(Given data)

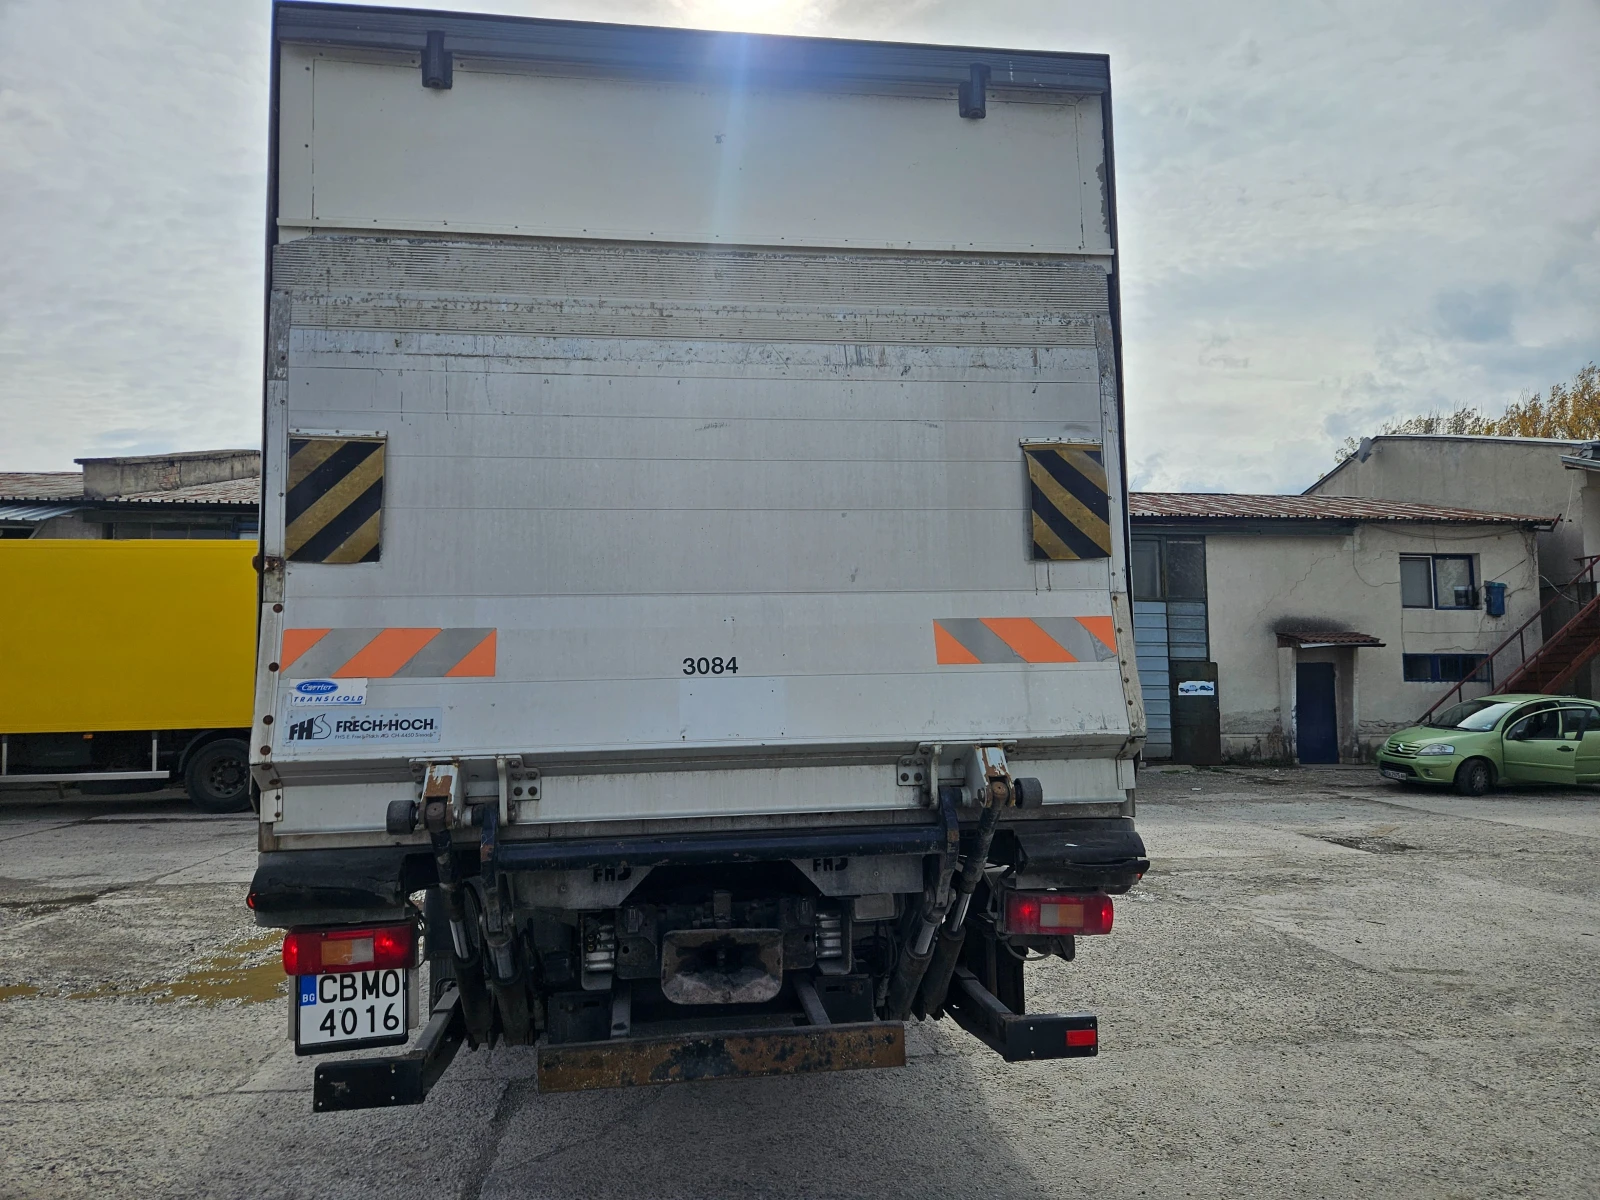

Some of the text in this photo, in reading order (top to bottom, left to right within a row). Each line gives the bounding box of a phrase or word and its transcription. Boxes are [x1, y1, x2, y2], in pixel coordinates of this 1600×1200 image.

[682, 656, 738, 675] 3084
[301, 683, 333, 692] Carrier
[294, 695, 364, 703] TRANSICOLD
[289, 713, 332, 741] FHS
[319, 969, 400, 1003] CBMO
[302, 993, 315, 1003] BG
[320, 1003, 400, 1037] 4016
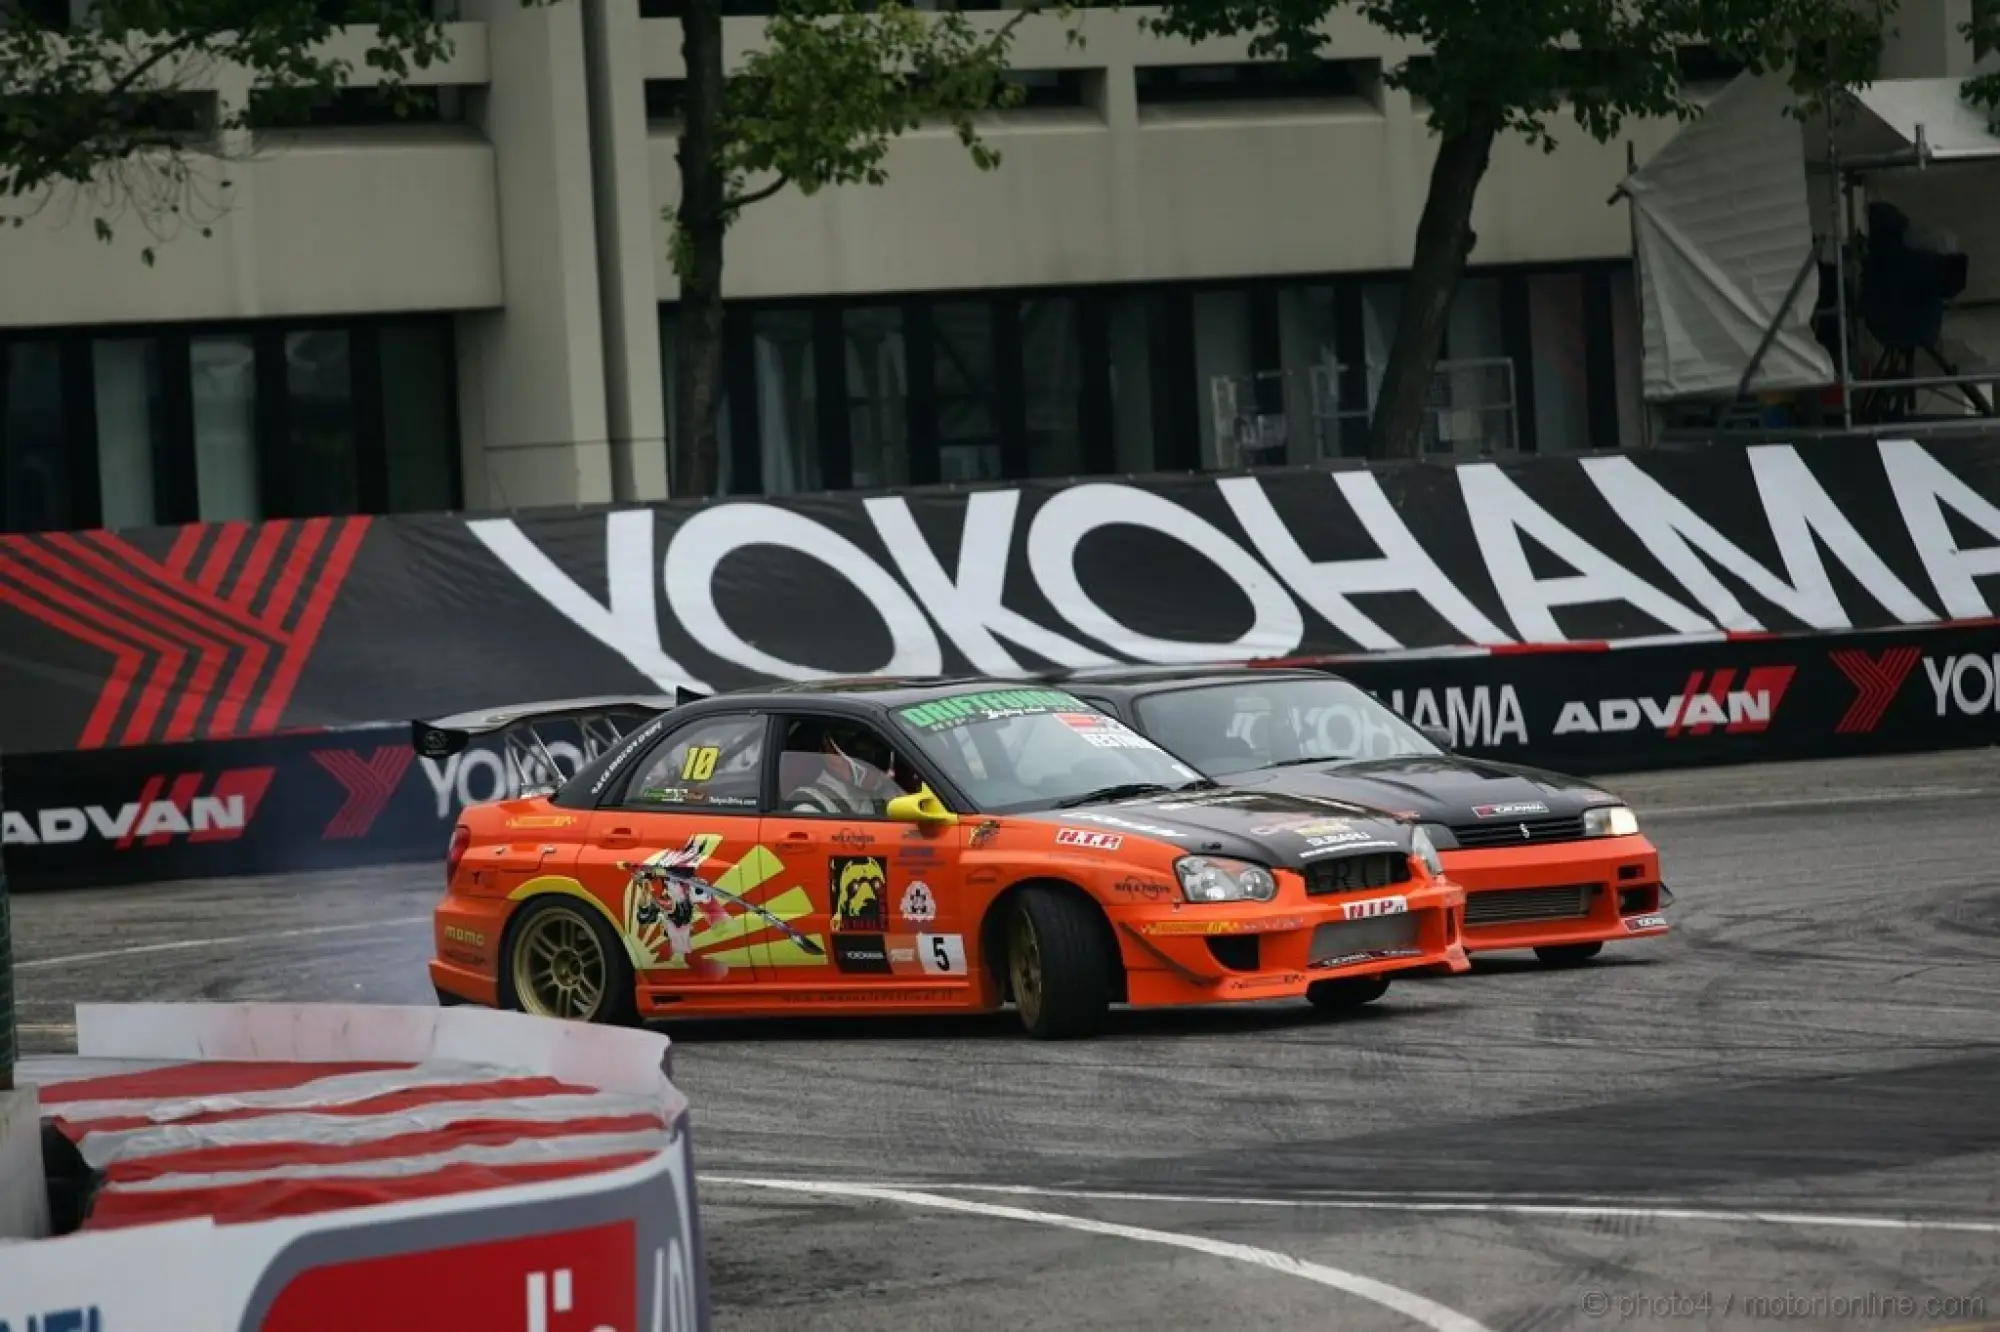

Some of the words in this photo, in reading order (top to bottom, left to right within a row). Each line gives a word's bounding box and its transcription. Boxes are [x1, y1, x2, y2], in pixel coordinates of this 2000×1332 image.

[464, 438, 2000, 694] YOKOHAMA
[1552, 689, 1771, 735] ADVAN
[681, 746, 721, 781] 10
[2, 795, 245, 843] ADVAN
[932, 937, 950, 971] 5

(End Given data)

▸ **Task goal**: The response should be the lines from the one containing "Some of the words" through the last line of the data, set down exactly and with no other line.

▸ **Written answer**:
Some of the words in this photo, in reading order (top to bottom, left to right within a row). Each line gives a word's bounding box and its transcription. Boxes are [x1, y1, x2, y2], in pixel coordinates of this 2000×1332 image.

[464, 438, 2000, 694] YOKOHAMA
[1552, 689, 1771, 735] ADVAN
[681, 746, 721, 781] 10
[2, 795, 245, 843] ADVAN
[932, 937, 950, 971] 5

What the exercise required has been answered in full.